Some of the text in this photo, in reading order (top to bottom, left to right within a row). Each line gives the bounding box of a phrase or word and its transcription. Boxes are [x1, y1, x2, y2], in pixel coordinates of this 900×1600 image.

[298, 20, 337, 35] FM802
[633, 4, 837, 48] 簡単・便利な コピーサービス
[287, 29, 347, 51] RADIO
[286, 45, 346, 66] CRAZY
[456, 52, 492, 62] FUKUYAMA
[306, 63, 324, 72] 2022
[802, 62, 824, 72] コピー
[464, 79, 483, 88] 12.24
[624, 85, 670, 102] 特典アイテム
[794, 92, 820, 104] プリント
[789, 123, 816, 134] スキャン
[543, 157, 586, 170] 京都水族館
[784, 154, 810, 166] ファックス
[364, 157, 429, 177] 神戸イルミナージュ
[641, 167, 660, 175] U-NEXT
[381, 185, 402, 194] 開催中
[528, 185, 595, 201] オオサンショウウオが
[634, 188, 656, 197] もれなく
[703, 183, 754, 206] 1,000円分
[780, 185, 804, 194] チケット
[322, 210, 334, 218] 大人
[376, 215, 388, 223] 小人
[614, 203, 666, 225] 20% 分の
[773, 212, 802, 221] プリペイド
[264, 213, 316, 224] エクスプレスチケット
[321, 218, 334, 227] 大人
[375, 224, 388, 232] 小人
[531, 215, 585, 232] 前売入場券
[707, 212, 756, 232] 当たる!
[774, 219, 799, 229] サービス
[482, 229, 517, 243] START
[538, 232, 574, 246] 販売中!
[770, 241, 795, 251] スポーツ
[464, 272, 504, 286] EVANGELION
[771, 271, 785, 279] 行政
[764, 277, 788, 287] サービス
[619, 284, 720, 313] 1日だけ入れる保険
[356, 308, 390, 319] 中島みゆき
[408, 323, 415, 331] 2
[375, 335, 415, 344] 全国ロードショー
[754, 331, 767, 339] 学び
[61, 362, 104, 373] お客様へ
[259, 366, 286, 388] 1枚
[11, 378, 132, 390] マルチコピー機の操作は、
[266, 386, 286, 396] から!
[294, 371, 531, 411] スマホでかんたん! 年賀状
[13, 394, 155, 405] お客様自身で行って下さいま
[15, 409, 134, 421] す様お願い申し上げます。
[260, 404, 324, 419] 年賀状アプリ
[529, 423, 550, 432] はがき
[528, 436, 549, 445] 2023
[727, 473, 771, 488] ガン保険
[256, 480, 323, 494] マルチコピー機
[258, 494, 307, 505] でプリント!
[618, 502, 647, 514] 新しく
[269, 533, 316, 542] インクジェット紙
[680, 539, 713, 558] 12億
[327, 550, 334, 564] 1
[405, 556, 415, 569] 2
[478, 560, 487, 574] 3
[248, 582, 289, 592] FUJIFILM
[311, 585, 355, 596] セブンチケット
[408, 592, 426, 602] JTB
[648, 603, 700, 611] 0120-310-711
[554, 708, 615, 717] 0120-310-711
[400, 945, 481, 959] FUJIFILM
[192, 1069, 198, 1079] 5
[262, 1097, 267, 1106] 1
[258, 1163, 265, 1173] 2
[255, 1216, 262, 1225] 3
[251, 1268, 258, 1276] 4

→ Action item: From the first line to the last, please quote the material above exactly.

→ Output for this task:
Some of the text in this photo, in reading order (top to bottom, left to right within a row). Each line gives the bounding box of a phrase or word and its transcription. Boxes are [x1, y1, x2, y2], in pixel coordinates of this 900×1600 image.

[298, 20, 337, 35] FM802
[633, 4, 837, 48] 簡単・便利な コピーサービス
[287, 29, 347, 51] RADIO
[286, 45, 346, 66] CRAZY
[456, 52, 492, 62] FUKUYAMA
[306, 63, 324, 72] 2022
[802, 62, 824, 72] コピー
[464, 79, 483, 88] 12.24
[624, 85, 670, 102] 特典アイテム
[794, 92, 820, 104] プリント
[789, 123, 816, 134] スキャン
[543, 157, 586, 170] 京都水族館
[784, 154, 810, 166] ファックス
[364, 157, 429, 177] 神戸イルミナージュ
[641, 167, 660, 175] U-NEXT
[381, 185, 402, 194] 開催中
[528, 185, 595, 201] オオサンショウウオが
[634, 188, 656, 197] もれなく
[703, 183, 754, 206] 1,000円分
[780, 185, 804, 194] チケット
[322, 210, 334, 218] 大人
[376, 215, 388, 223] 小人
[614, 203, 666, 225] 20% 分の
[773, 212, 802, 221] プリペイド
[264, 213, 316, 224] エクスプレスチケット
[321, 218, 334, 227] 大人
[375, 224, 388, 232] 小人
[531, 215, 585, 232] 前売入場券
[707, 212, 756, 232] 当たる!
[774, 219, 799, 229] サービス
[482, 229, 517, 243] START
[538, 232, 574, 246] 販売中!
[770, 241, 795, 251] スポーツ
[464, 272, 504, 286] EVANGELION
[771, 271, 785, 279] 行政
[764, 277, 788, 287] サービス
[619, 284, 720, 313] 1日だけ入れる保険
[356, 308, 390, 319] 中島みゆき
[408, 323, 415, 331] 2
[375, 335, 415, 344] 全国ロードショー
[754, 331, 767, 339] 学び
[61, 362, 104, 373] お客様へ
[259, 366, 286, 388] 1枚
[11, 378, 132, 390] マルチコピー機の操作は、
[266, 386, 286, 396] から!
[294, 371, 531, 411] スマホでかんたん! 年賀状
[13, 394, 155, 405] お客様自身で行って下さいま
[15, 409, 134, 421] す様お願い申し上げます。
[260, 404, 324, 419] 年賀状アプリ
[529, 423, 550, 432] はがき
[528, 436, 549, 445] 2023
[727, 473, 771, 488] ガン保険
[256, 480, 323, 494] マルチコピー機
[258, 494, 307, 505] でプリント!
[618, 502, 647, 514] 新しく
[269, 533, 316, 542] インクジェット紙
[680, 539, 713, 558] 12億
[327, 550, 334, 564] 1
[405, 556, 415, 569] 2
[478, 560, 487, 574] 3
[248, 582, 289, 592] FUJIFILM
[311, 585, 355, 596] セブンチケット
[408, 592, 426, 602] JTB
[648, 603, 700, 611] 0120-310-711
[554, 708, 615, 717] 0120-310-711
[400, 945, 481, 959] FUJIFILM
[192, 1069, 198, 1079] 5
[262, 1097, 267, 1106] 1
[258, 1163, 265, 1173] 2
[255, 1216, 262, 1225] 3
[251, 1268, 258, 1276] 4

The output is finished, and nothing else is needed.